→ Directions: Could you copy every record below exactly, leaving out the pictures?

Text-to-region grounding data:
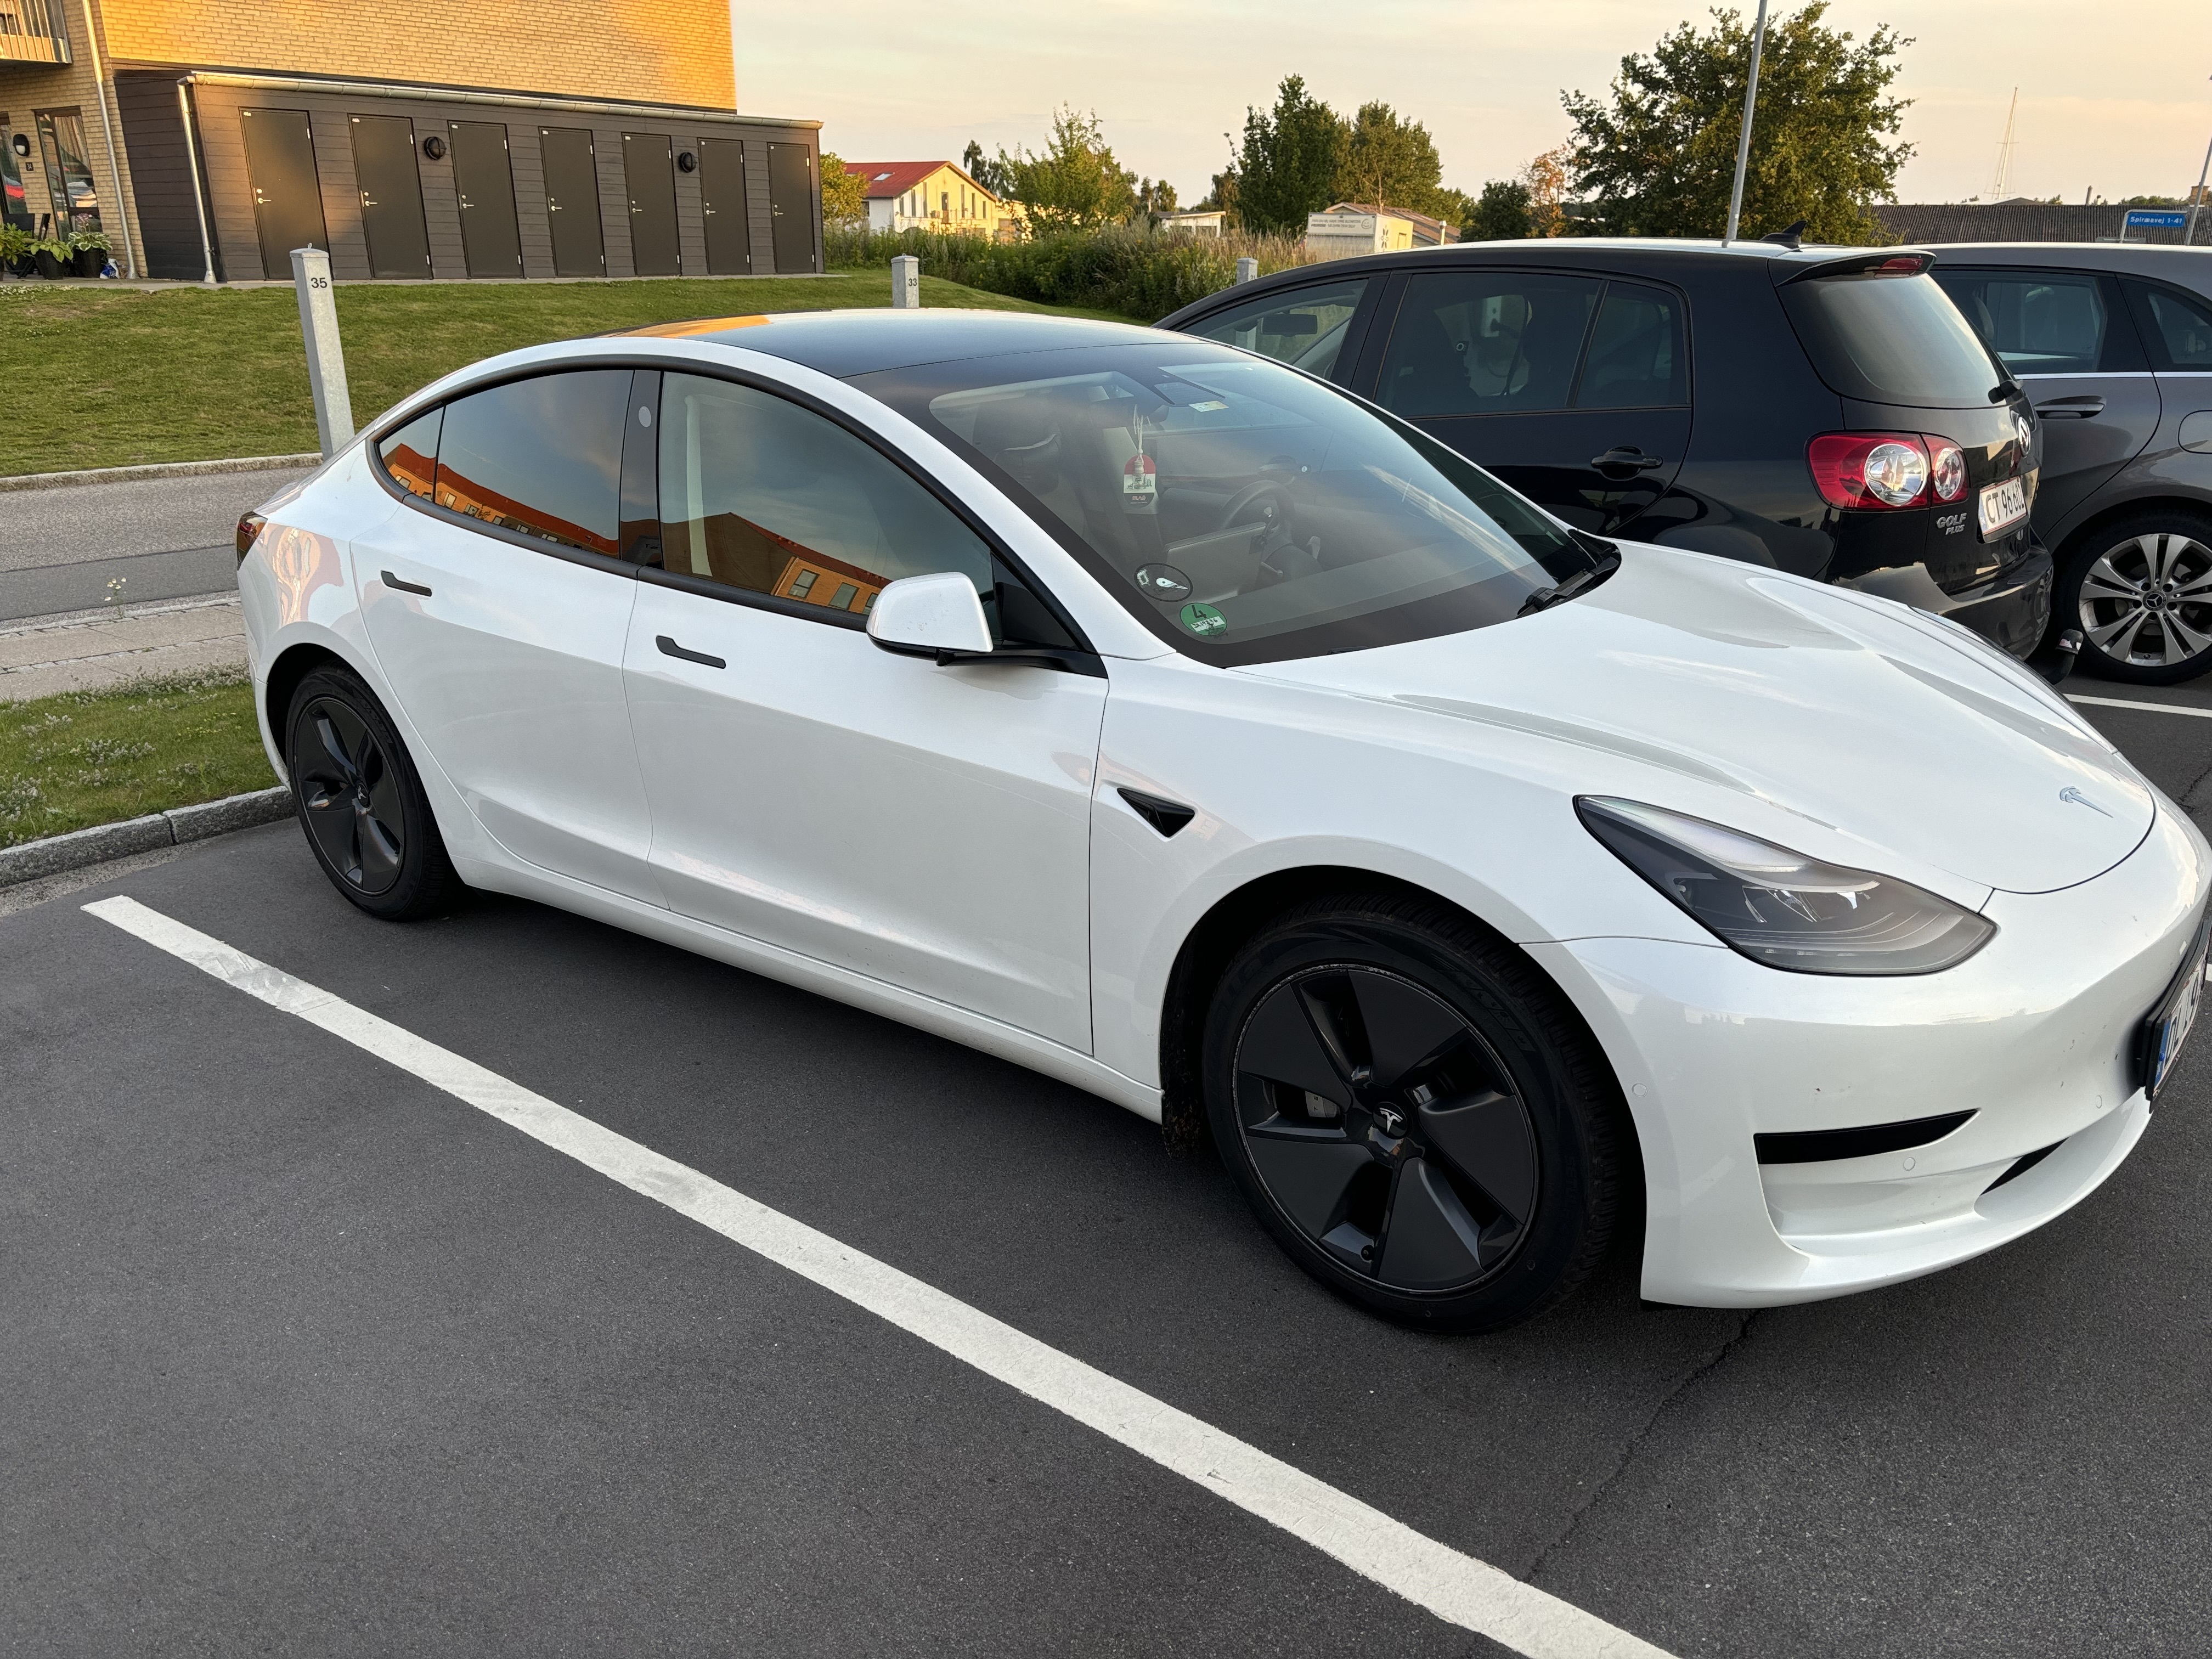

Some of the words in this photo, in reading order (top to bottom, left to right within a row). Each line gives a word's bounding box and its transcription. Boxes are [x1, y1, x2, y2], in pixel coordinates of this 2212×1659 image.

[2130, 216, 2164, 224] Spiræavej
[311, 277, 328, 289] 35
[909, 278, 917, 286] 33
[1985, 492, 2001, 523] CT
[2001, 487, 2013, 518] 96
[1936, 512, 1967, 529] GOLF
[1945, 524, 1965, 535] PLUS
[1191, 605, 1207, 619] 4

→ Written solution:
Some of the words in this photo, in reading order (top to bottom, left to right within a row). Each line gives a word's bounding box and its transcription. Boxes are [x1, y1, x2, y2], in pixel coordinates of this 2212×1659 image.

[2130, 216, 2164, 224] Spiræavej
[311, 277, 328, 289] 35
[909, 278, 917, 286] 33
[1985, 492, 2001, 523] CT
[2001, 487, 2013, 518] 96
[1936, 512, 1967, 529] GOLF
[1945, 524, 1965, 535] PLUS
[1191, 605, 1207, 619] 4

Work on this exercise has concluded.